INSTRUCTIONS TO FOLLOW:
The entries below are to be given back exactly, with images excluded.

--- RECORDS FOR PROCESSING ---

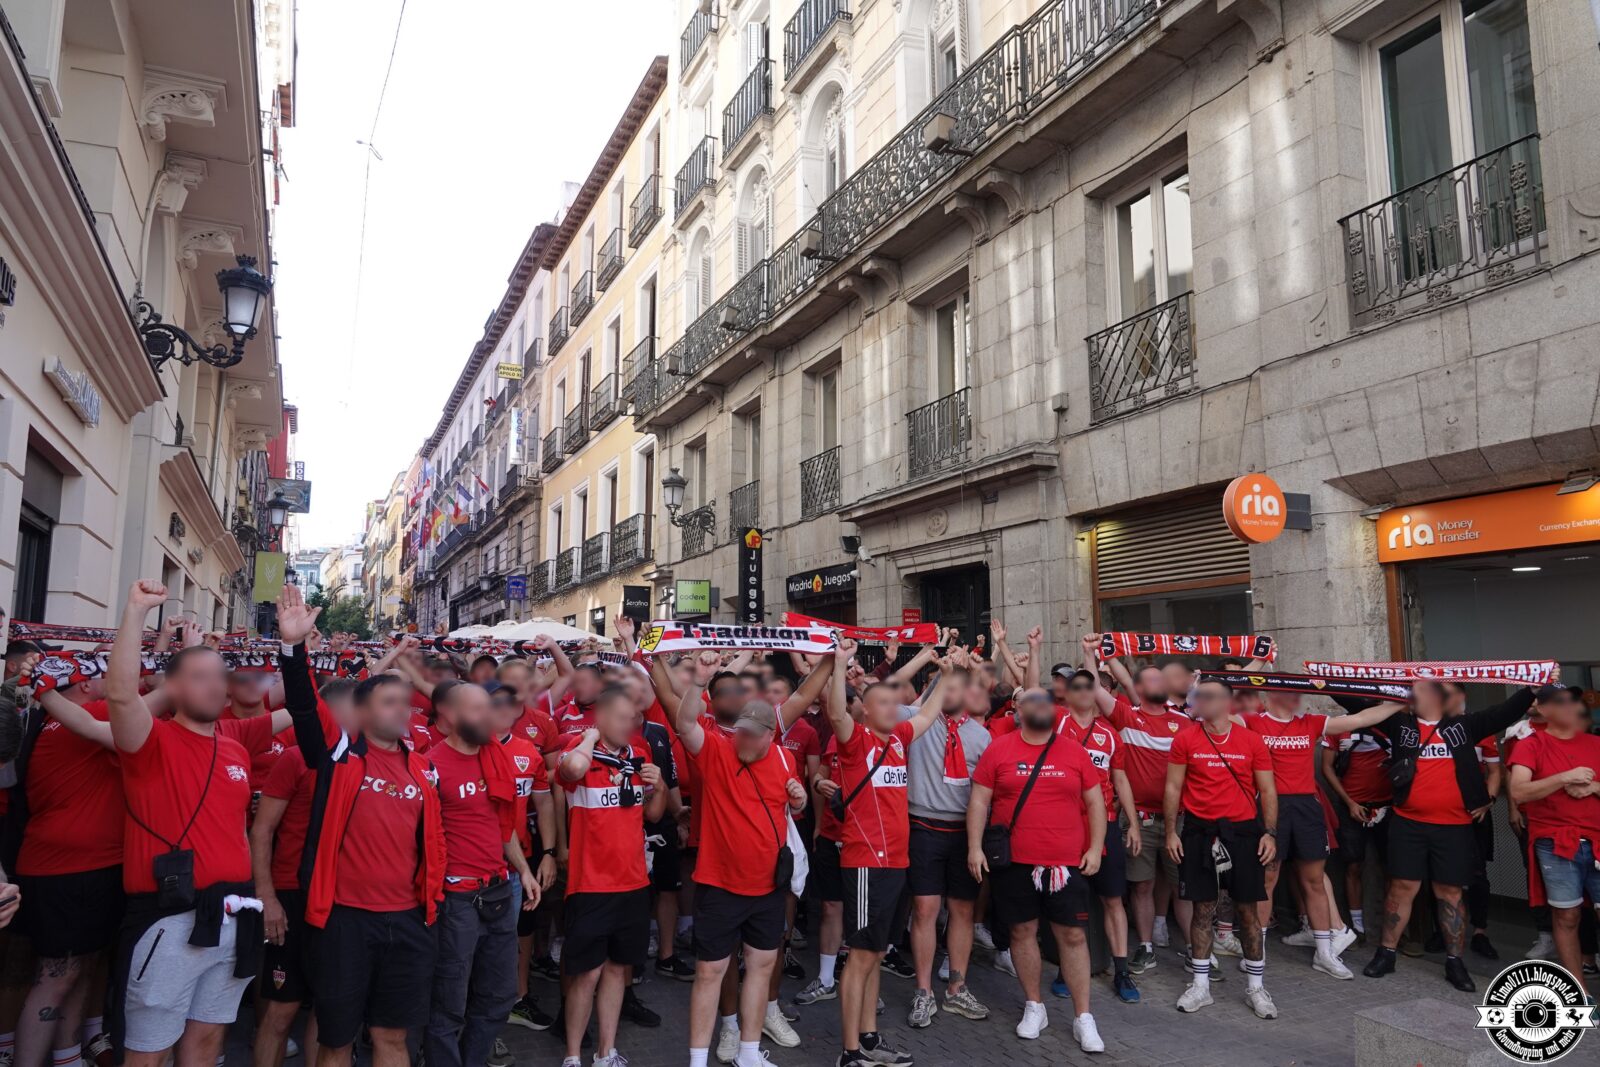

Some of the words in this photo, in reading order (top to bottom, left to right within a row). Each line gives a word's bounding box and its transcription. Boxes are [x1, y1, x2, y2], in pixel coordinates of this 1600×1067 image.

[1241, 483, 1280, 516] ria
[1242, 519, 1260, 527] Money
[1260, 519, 1280, 527] Transfer
[1437, 519, 1474, 531] Money
[1539, 522, 1571, 533] Currency
[1388, 514, 1435, 550] ria
[1438, 530, 1481, 544] Transfer
[748, 550, 757, 622] Juegos
[788, 578, 813, 593] Madrid
[823, 572, 851, 587] Juegos
[679, 592, 706, 601] codere
[673, 621, 811, 641] Tradition
[698, 638, 736, 647] wird
[740, 639, 796, 649] siegen!
[1308, 661, 1407, 679] SÜDBANDE
[1443, 661, 1556, 684] STUTTGART

---

EXERCISE RESULT:
Some of the words in this photo, in reading order (top to bottom, left to right within a row). Each line gives a word's bounding box and its transcription. Boxes are [x1, y1, x2, y2], in pixel coordinates of this 1600×1067 image.

[1241, 483, 1280, 516] ria
[1242, 519, 1260, 527] Money
[1260, 519, 1280, 527] Transfer
[1437, 519, 1474, 531] Money
[1539, 522, 1571, 533] Currency
[1388, 514, 1435, 550] ria
[1438, 530, 1481, 544] Transfer
[748, 550, 757, 622] Juegos
[788, 578, 813, 593] Madrid
[823, 572, 851, 587] Juegos
[679, 592, 706, 601] codere
[673, 621, 811, 641] Tradition
[698, 638, 736, 647] wird
[740, 639, 796, 649] siegen!
[1308, 661, 1407, 679] SÜDBANDE
[1443, 661, 1556, 684] STUTTGART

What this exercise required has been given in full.